Goal of the exercise —
Go through the listing below and repeat it exactly, dropping the pictures.

Task inputs —
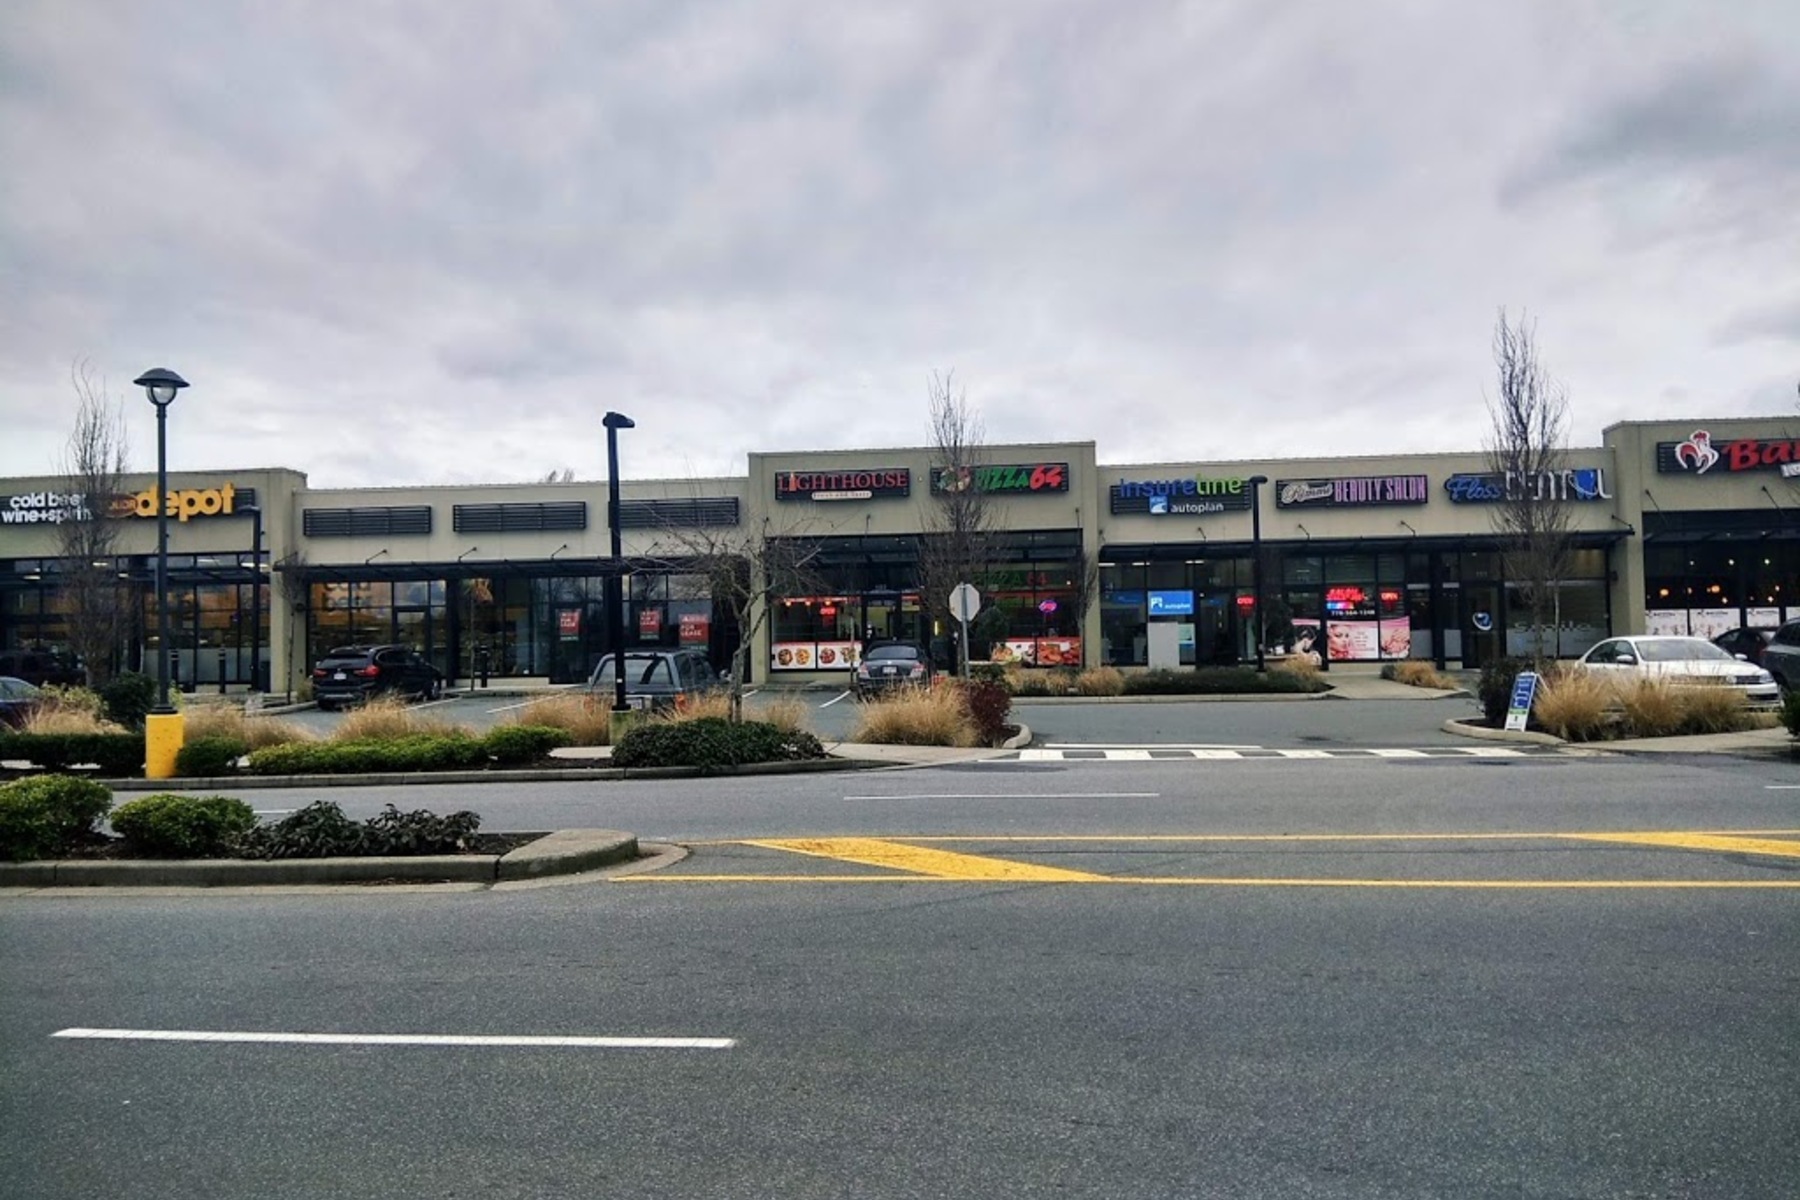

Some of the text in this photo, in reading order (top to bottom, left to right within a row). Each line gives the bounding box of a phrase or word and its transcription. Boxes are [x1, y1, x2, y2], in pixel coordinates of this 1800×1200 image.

[778, 471, 908, 492] LIGHTHOUSE
[975, 465, 1062, 490] PIZZA 64
[1119, 473, 1242, 498] insureline
[1334, 478, 1381, 502] BEAUTY
[1385, 476, 1427, 501] SALON
[1446, 468, 1613, 501] Floss DNTAL
[10, 492, 45, 508] cold
[134, 481, 235, 522] depot
[1170, 501, 1225, 514] autoplan
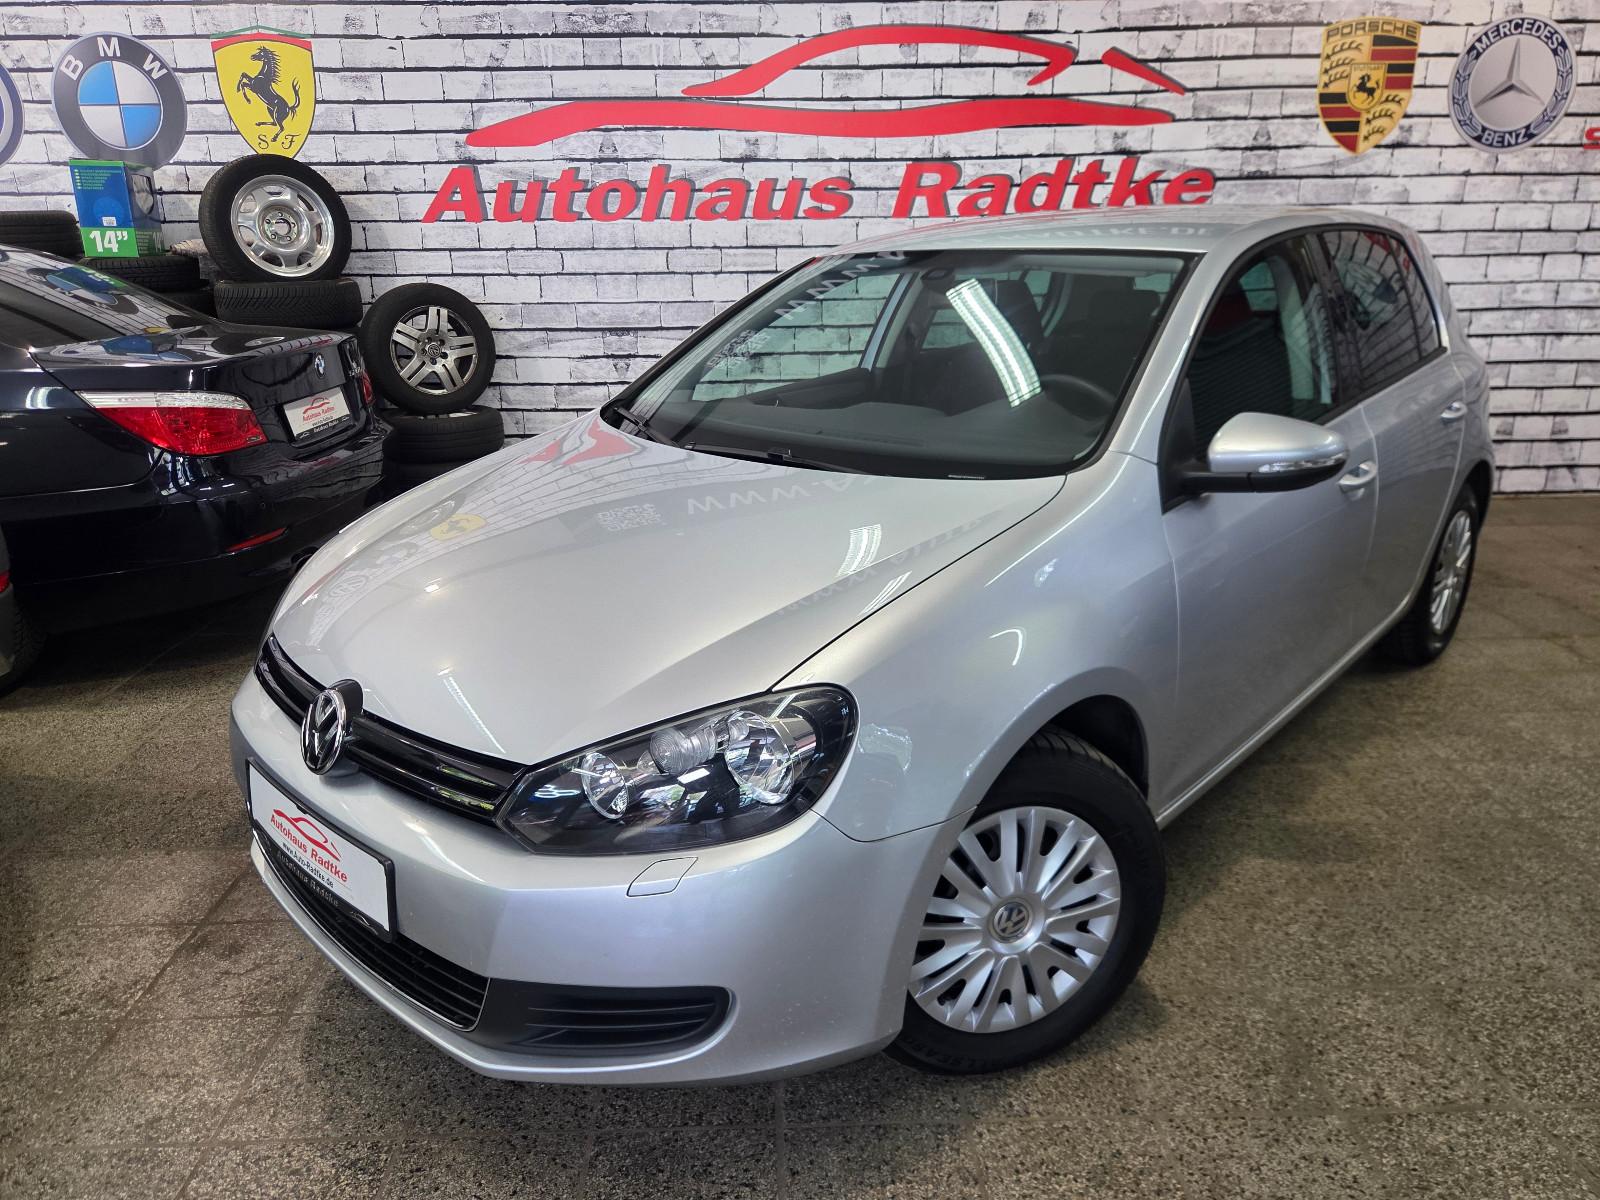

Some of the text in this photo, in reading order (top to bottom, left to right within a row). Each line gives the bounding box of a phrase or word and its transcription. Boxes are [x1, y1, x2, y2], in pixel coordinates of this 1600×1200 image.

[1326, 20, 1418, 41] PORSCHE
[1475, 18, 1563, 52] MERCEDES
[60, 36, 168, 80] BMW
[1481, 128, 1529, 147] BENZ
[421, 156, 1217, 223] Autohaus Radtke
[270, 814, 348, 882] Autohaus Radtke

Exercise response —
Some of the text in this photo, in reading order (top to bottom, left to right within a row). Each line gives the bounding box of a phrase or word and its transcription. Boxes are [x1, y1, x2, y2], in pixel coordinates of this 1800×1200 image.

[778, 471, 908, 492] LIGHTHOUSE
[975, 465, 1062, 490] PIZZA 64
[1119, 473, 1242, 498] insureline
[1334, 478, 1381, 502] BEAUTY
[1385, 476, 1427, 501] SALON
[1446, 468, 1613, 501] Floss DNTAL
[10, 492, 45, 508] cold
[134, 481, 235, 522] depot
[1170, 501, 1225, 514] autoplan

Some of the text in this photo, in reading order (top to bottom, left to right within a row). Each line gives the bounding box of a phrase or word and its transcription. Boxes are [x1, y1, x2, y2], in pixel coordinates of this 1600×1200 image.

[1326, 20, 1418, 41] PORSCHE
[1475, 18, 1563, 52] MERCEDES
[60, 36, 168, 80] BMW
[1481, 128, 1529, 147] BENZ
[421, 156, 1217, 223] Autohaus Radtke
[270, 814, 348, 882] Autohaus Radtke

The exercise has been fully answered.